B. Harassment, humiliation, gender-based misconduct
If unfair requirements are tied to harassment (sexual, gender-based, bullying, coercion), you may have overlapping remedies under:
- school discipline systems, and
- broader protective laws/policies on safe learning environments.
C. Mental health and medical conditions
While “mental health” does not automatically excuse requirements, it strengthens claims for:
- reasonable flexibility,
- make-up work,
- alternative assessment modes, when supported by documentation and consistent with policy.
D. Thesis/capstone and graduation requirements
These are high-stakes and often disputed. Key fairness points:
- requirements must match approved curriculum standards;
- committees must act within published guidelines;
- delays must not be arbitrary;
- evaluation criteria should be transparent and applied consistently.
8) What arguments schools commonly raise—and how students respond
“Academic freedom.”
Response: Academic freedom protects legitimate pedagogical choices, but it does not justify arbitrary, discriminatory, undisclosed, or policy-violative requirements.
“It’s in the handbook.”
Response: Then the school must show the exact provision, and it must be applied consistently and reasonably. If the handbook is vague, schools must still act in good faith and follow fair process.
“You agreed by enrolling.”
Response: Agreement assumes disclosure and fair implementation. Contract principles still require good faith and prohibit abusive practices.
“Everyone had to do it.”
Response: Uniform unfairness can still be unlawful—especially if it violates regulations or imposes unauthorized fees or discriminatory impacts.
9) Practical writing framework for a student complaint (Philippine setting)
A strong complaint is short, specific, and anchored in documents:
- Facts and timeline (dates, announcements, requirement details)
- Controlling rule (syllabus/handbook/policy)
- Deviation (what changed, what was inconsistent, what was denied)

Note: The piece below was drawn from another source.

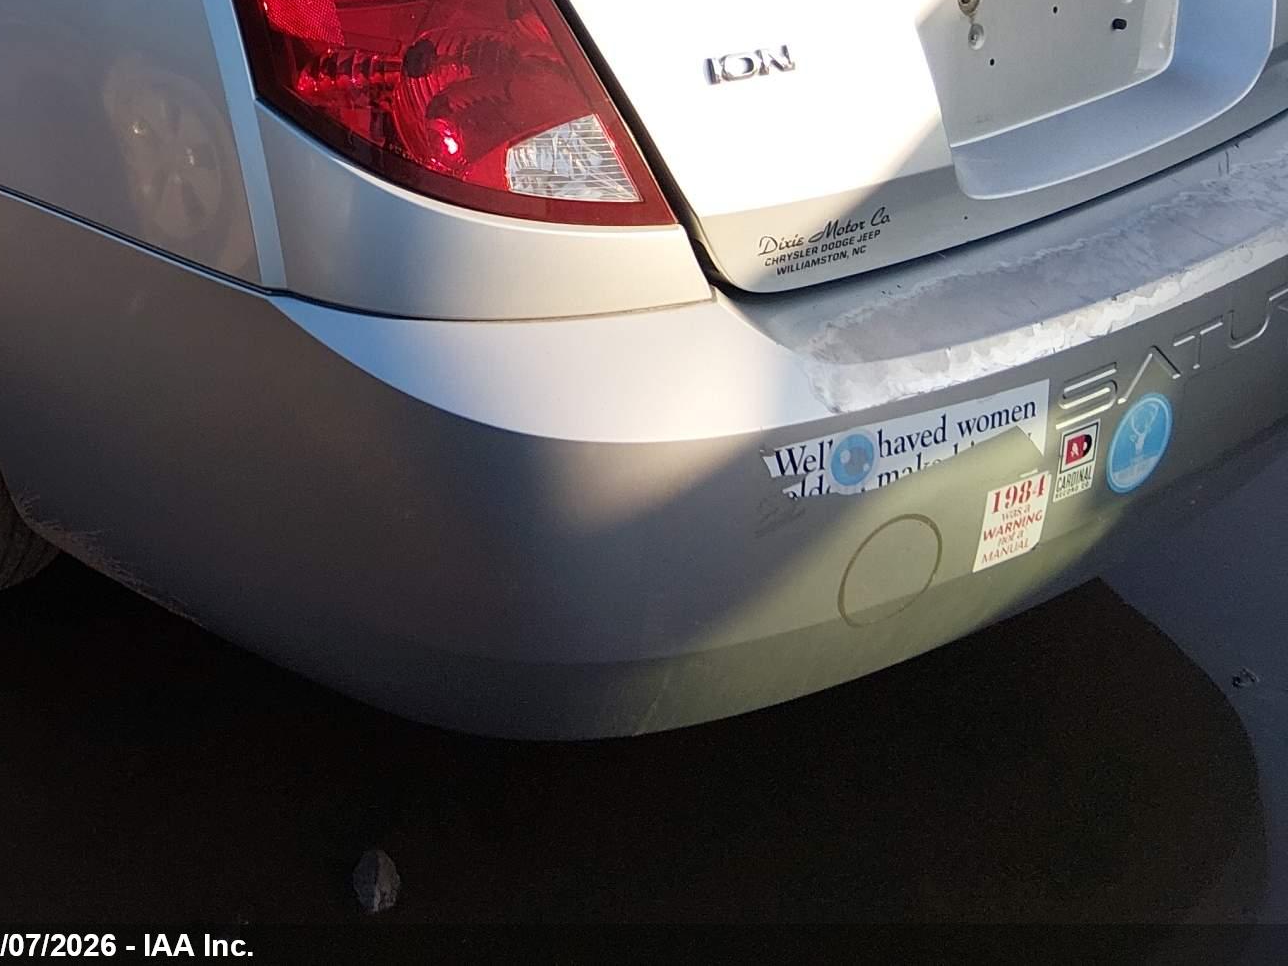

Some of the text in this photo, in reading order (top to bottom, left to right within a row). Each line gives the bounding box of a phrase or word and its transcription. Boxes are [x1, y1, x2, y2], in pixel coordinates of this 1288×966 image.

- Harm (grade impact, financial burden, exclusion, safety risk)
- Requested remedy (e.g., revert to published grading scheme; allow alternative assessment; remove unauthorized fee; grant make-up exam; re-evaluate using rubric; investigate retaliation)
- Attachments (screenshots, receipts, documents)
Avoid personal attacks; focus on verifiable acts and policy violations.
10) Bottom line: the core rights students can assert
In Philippine educational settings, students can generally assert these enforceable principles against unfair academic requirements:
- Transparency: requirements and grading standards should be clear and disclosed.
- Consistency: rules must be applied uniformly absent valid distinctions.
- Reasonableness and proportionality: requirements must be pedagogically justified, not punitive or exploitative.
- Non-discrimination and accommodation: protected circumstances must not be penalized; reasonable adjustments should be considered.
- Due process: serious academic/disciplinary consequences require fair procedures.
- Good faith and policy compliance: schools must follow their handbooks, syllabi, and regulatory obligations.
When students prevail, it is usually because they show: (1) a written rule, (2) a clear deviation, and (3) documented harm, pursued through proper channels.